Leaders from North America, Japan, Western Europe and Russia next week will come to Kananaskis, a small resort town near Calgary, Alberta, in the Canadian Rockies, June 26-27 to participate in the annual G8 Summit.

This G8 Summit is expected to be very different from last year's meeting in Italy that was marred by violent anti-globalization protests. Deliberately, the Canadian hosts picked a remote location, and the national delegations are much smaller. Even the duration of the meeting has been curtailed by a full day to barely more than 30 hours.

According to James Steinberg, a foreign policy specialist at Washington's Brookings Institution, the war on terrorism is likely to be the central issue. He notes President Bush is looking for strong backing from his allies for his campaign to eradicate terrorism.

"This has got to be a summit that for him [Mr. Bush] has a strong element of concord," he said. "It's not a place where he can afford to have strong disagreements about issues because we really need to show that there is momentum behind the common challenge [of fighting terror]."

Mr. Steinberg says Mr. Bush will also use the summit to seek support for his effort to eventually remove from power Iraqi leader Saddam Hussein.

While most summit participants strongly support Mr. Bush in the war on terror, some privately complain about what they see as American unilateralism on a range of foreign policy issues. Lael Brainerd, an economic advisor to former President Clinton, says recent protectionist trade actions have irritated America's allies. She says U.S. moves to limit steel imports and subsidize agriculture could put at risk the upcoming trade expansion negotiations that were agreed last year at Doha, Qatar.
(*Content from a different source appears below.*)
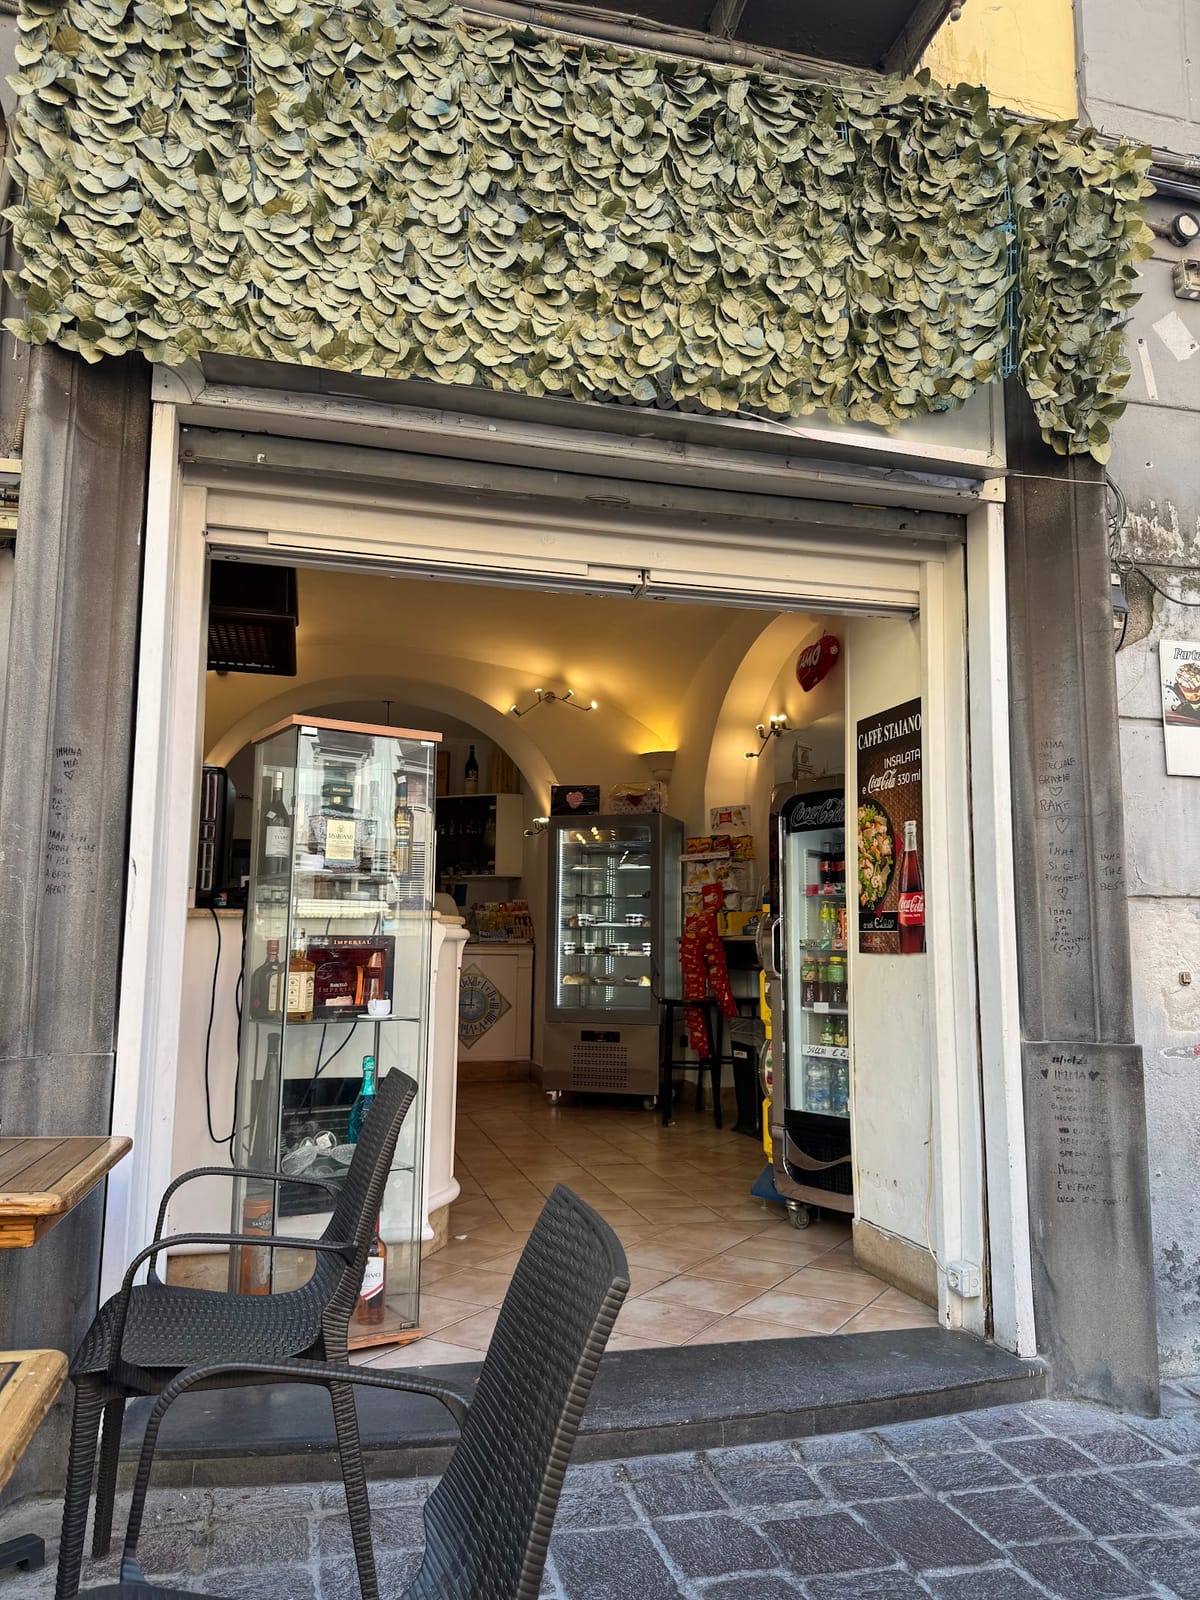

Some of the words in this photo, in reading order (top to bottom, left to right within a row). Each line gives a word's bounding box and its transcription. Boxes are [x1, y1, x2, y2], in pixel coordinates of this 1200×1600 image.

"We have seen in the United States both the steel safeguard measures, which puts the Bush administration at odds with the European Union and Japan," Ms. Brainerd added. "And a big new funding for the agriculture sector in the United States, which really puts the Bush administration at odds with many of the developing countries we had worked with to improve the negotiating terms in Doha."

For the summit host, Canadian Prime Minister Jean Chretien, aid to Africa is the centerpiece of this year's summit. Gene Sperling, a former Clinton administration aide who now promotes education in Africa, says it is unclear whether the G8 will adequately fund the promised assistance efforts for Africa.

"The real question going forward is that each of these countries has expressed interest in development in Africa and education," he pointed out. "What is less clear at this moment is whether they will use the G8 as was used in debt relief at Cologne [in 1999] as a moment to come forward and have a very clear global compact.

Mr. Chretien has invited four African leaders to participate in this year's summit. They will present details of NEPAD, the New Partnership for African Development, a document widely seen as the blueprint for Africa's integration into the global economy. Lael Brainerd applauds Africa's participation in the G8 summit.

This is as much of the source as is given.